**Task to carry out**
Please give back each line of the material unchanged, but without the images.

_ _ _ _ _

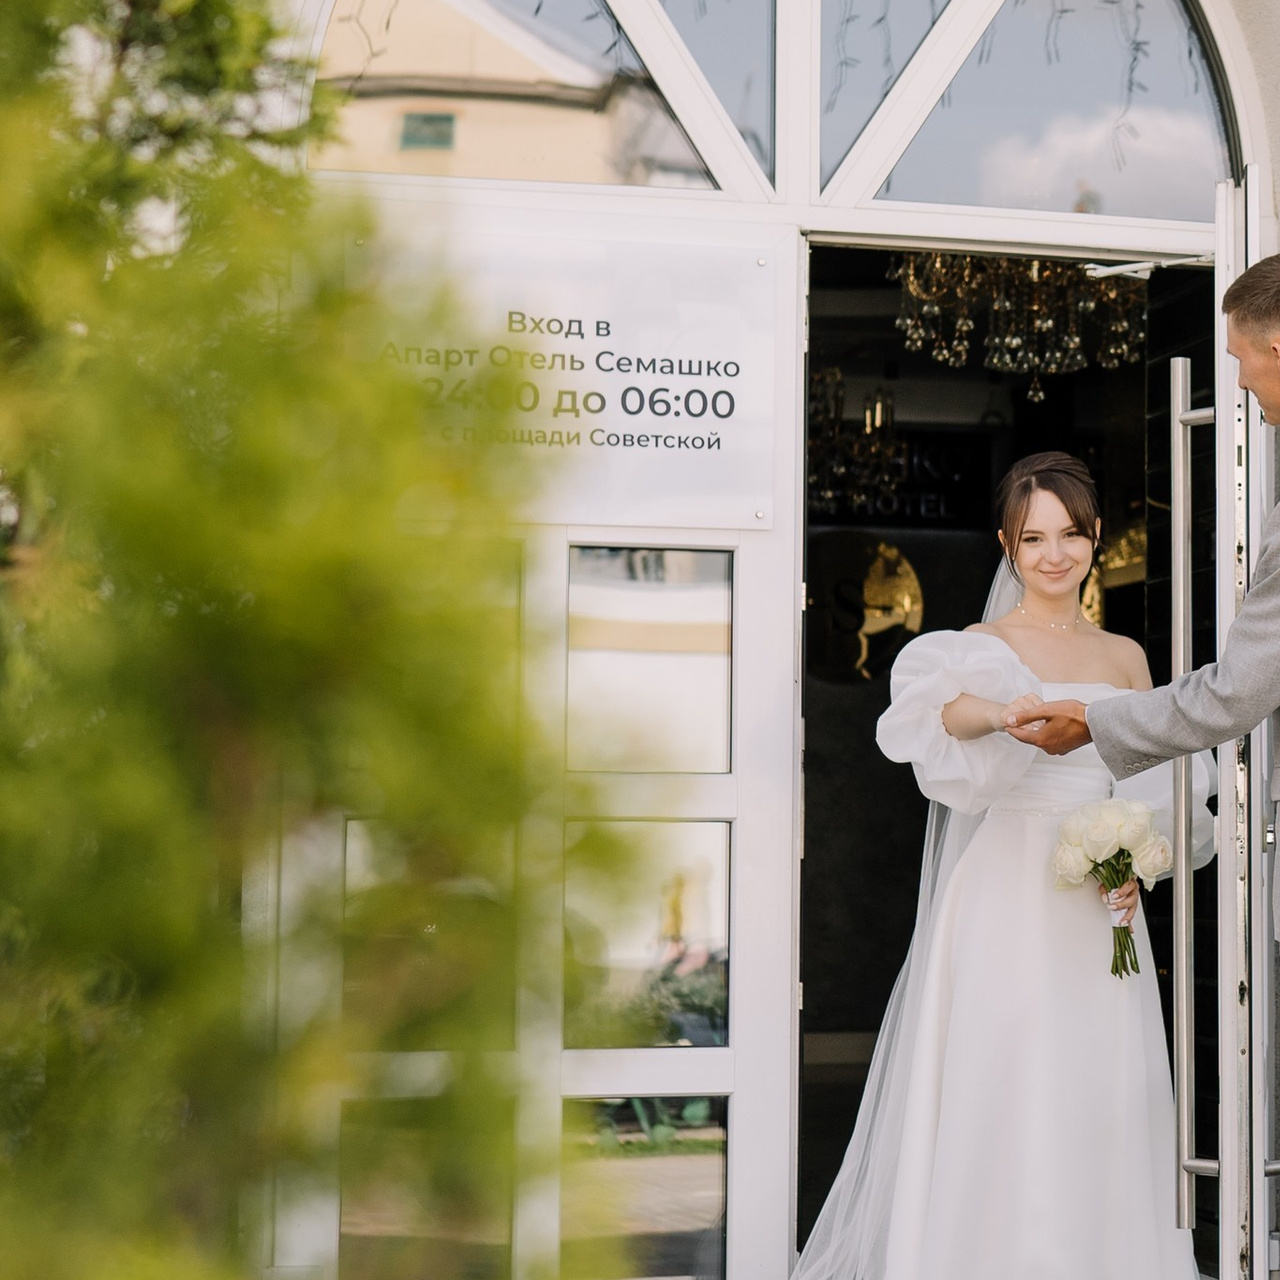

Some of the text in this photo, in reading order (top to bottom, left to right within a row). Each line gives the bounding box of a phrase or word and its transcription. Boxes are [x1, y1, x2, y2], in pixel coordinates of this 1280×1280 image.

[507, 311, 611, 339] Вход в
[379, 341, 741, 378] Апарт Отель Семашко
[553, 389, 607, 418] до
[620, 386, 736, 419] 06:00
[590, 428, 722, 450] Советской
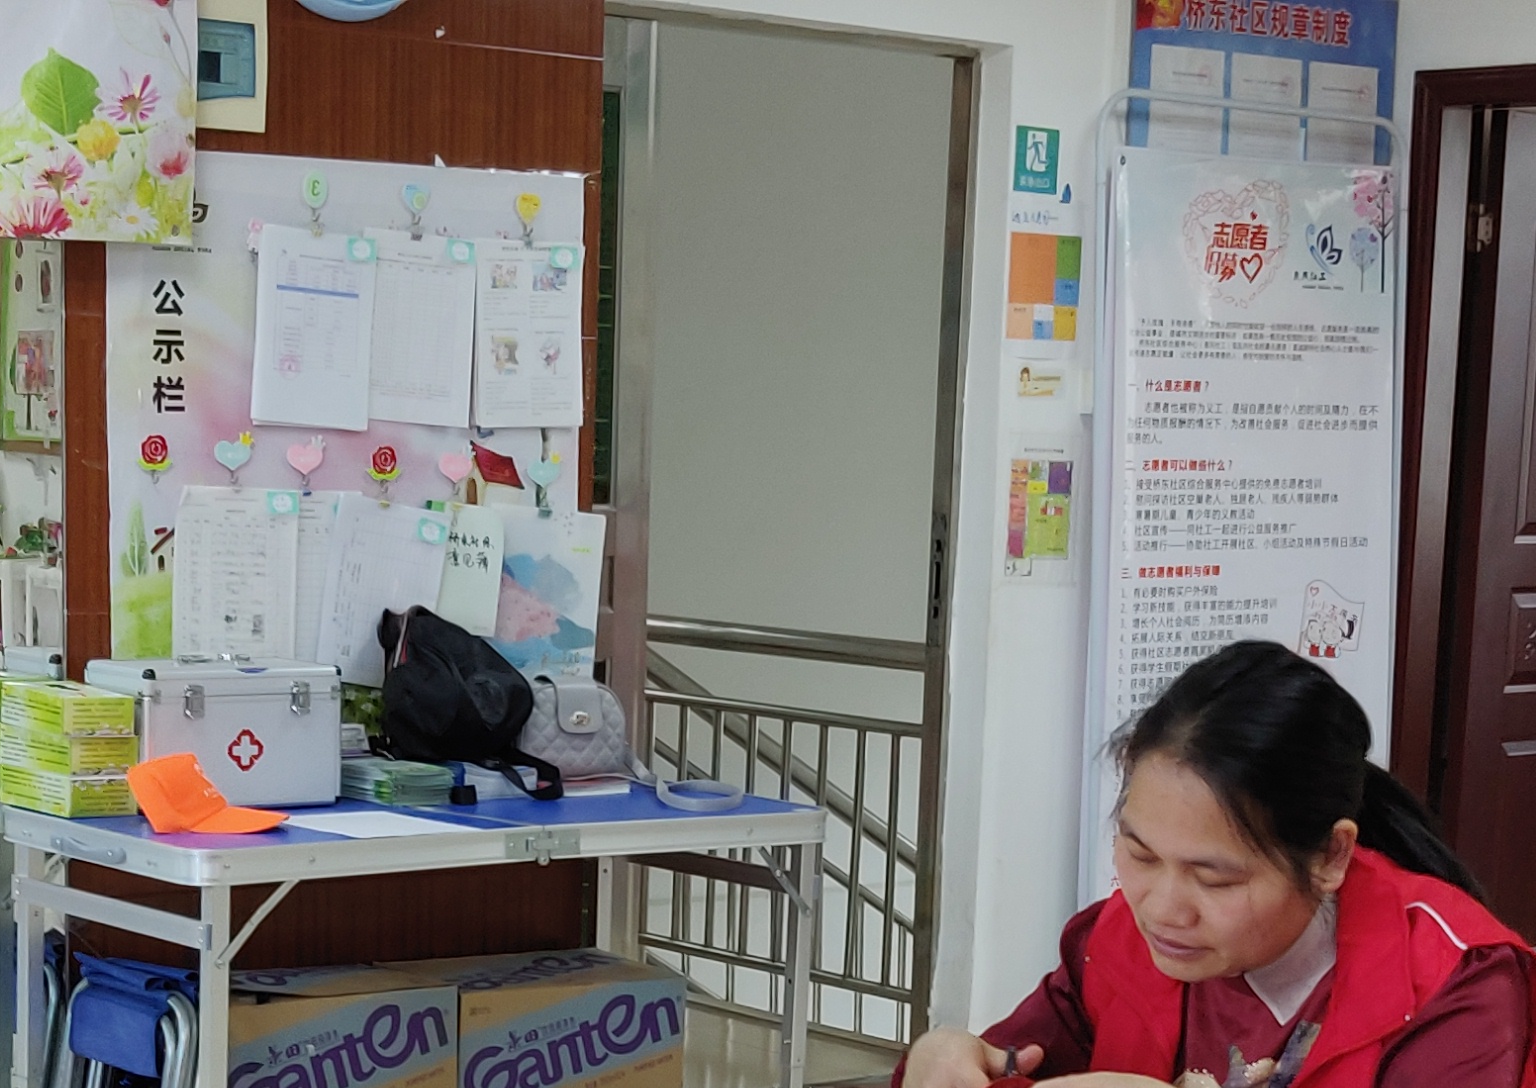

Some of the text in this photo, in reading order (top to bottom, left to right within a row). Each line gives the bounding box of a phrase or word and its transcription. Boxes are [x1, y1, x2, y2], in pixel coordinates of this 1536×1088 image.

_ _ _ _ _

**Solution to this problem**
Some of the text in this photo, in reading order (top to bottom, left to right within a row). Each line gives the bounding box of a phrase or word and its transcription. Boxes are [x1, y1, x2, y2], in pixel coordinates of this 1280×1280 image.

[507, 311, 611, 339] Вход в
[379, 341, 741, 378] Апарт Отель Семашко
[553, 389, 607, 418] до
[620, 386, 736, 419] 06:00
[590, 428, 722, 450] Советской

Some of the text in this photo, in reading order (top to bottom, left to right within a row). Each line gives the bounding box of a phrase or word and its transcription. Boxes are [x1, y1, x2, y2], in pixel coordinates of this 1536×1088 image.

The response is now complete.